Just passing through.... to say James Clerk-Maxwell is still sitting at the east end of George Street in Edinburgh. Whenever travelling through from Glasgow by bus I am in the habit of passing him sitting there on the other side of the bus station across St Andrews Square.  I was spending the day in the Royal Botanic Garden of Edinburgh (RBGE). I did my 'tour guide' bit telling my friends how he came to be there and why he is in the seated position.

Why must I give a nod to this most famous of Scotland's 'thinkers'?  Back in the day, he was little known in Scotland so Iain and some others, including Prof Leslie Barr, mounted a campaign to have a statue made to recognise his contribution to science.  Alexander Stoddart was commissioned to do the job and it was unveiled in 2008.  We travelled through from Glasgow to attend the ceremony and afterwards the reception at the Royal Society across the road.

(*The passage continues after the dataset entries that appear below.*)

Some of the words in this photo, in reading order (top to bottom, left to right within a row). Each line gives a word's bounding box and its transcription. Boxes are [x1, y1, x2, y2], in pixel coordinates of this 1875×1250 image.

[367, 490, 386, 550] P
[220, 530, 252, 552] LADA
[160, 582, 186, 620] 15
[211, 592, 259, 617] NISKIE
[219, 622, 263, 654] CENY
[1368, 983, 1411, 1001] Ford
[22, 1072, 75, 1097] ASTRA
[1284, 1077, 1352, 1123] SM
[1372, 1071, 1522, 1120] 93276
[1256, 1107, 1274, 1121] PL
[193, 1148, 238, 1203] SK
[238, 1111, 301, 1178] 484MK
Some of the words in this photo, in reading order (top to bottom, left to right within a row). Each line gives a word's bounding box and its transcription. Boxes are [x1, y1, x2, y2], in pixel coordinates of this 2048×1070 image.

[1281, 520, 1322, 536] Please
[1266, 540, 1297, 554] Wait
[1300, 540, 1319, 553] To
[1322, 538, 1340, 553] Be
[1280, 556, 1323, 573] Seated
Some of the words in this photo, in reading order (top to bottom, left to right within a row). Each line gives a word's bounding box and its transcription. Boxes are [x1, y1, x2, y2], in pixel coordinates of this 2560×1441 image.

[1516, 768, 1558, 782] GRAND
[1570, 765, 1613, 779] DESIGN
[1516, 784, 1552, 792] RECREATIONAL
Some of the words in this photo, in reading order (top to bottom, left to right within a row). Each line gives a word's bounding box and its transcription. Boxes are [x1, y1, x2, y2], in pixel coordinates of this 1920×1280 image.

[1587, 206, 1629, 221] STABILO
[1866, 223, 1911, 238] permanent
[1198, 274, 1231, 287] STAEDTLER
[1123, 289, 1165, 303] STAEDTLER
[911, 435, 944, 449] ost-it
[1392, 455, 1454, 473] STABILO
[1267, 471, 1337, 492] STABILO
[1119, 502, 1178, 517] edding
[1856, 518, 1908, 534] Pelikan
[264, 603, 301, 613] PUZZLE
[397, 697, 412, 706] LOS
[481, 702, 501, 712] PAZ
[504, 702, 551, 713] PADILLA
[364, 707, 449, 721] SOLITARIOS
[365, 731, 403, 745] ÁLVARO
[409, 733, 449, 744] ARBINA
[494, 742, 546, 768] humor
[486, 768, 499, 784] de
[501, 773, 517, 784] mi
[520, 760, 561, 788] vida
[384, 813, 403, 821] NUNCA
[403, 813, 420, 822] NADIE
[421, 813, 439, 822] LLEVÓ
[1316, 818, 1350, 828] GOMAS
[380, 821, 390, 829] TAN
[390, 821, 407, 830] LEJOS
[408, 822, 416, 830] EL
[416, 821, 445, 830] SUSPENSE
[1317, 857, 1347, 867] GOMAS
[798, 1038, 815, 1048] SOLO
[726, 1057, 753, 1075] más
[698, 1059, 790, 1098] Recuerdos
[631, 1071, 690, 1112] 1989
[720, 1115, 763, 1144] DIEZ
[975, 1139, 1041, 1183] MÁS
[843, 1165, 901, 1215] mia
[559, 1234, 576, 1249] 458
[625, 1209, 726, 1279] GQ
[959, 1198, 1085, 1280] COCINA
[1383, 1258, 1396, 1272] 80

I am glad to see he is wearing well. I notice that there is a plague now placed in the setts at the foot showing Maxwell's Equation (for electro-magnetism). This mathematical contribution proved to be hugely important, and a turning point in scientific thinking.  (Einstein said he stood on the shoulders of Clerk-Maxwell... who, it could be said, stood on the shoulders of Isaac Newton.)


And later in the month, Harriet, 11 years and Alastair 16 years in Edinburgh with Ellie and and Mairi to celebrate Alastair doing so well in his University Clinical Aptitude Test (test for secondary school students who are thinking of applying to study medicine somewhere in the UK). [They look at verbal reasoning, decision making, quantitive reasoning, abstract reasoning.)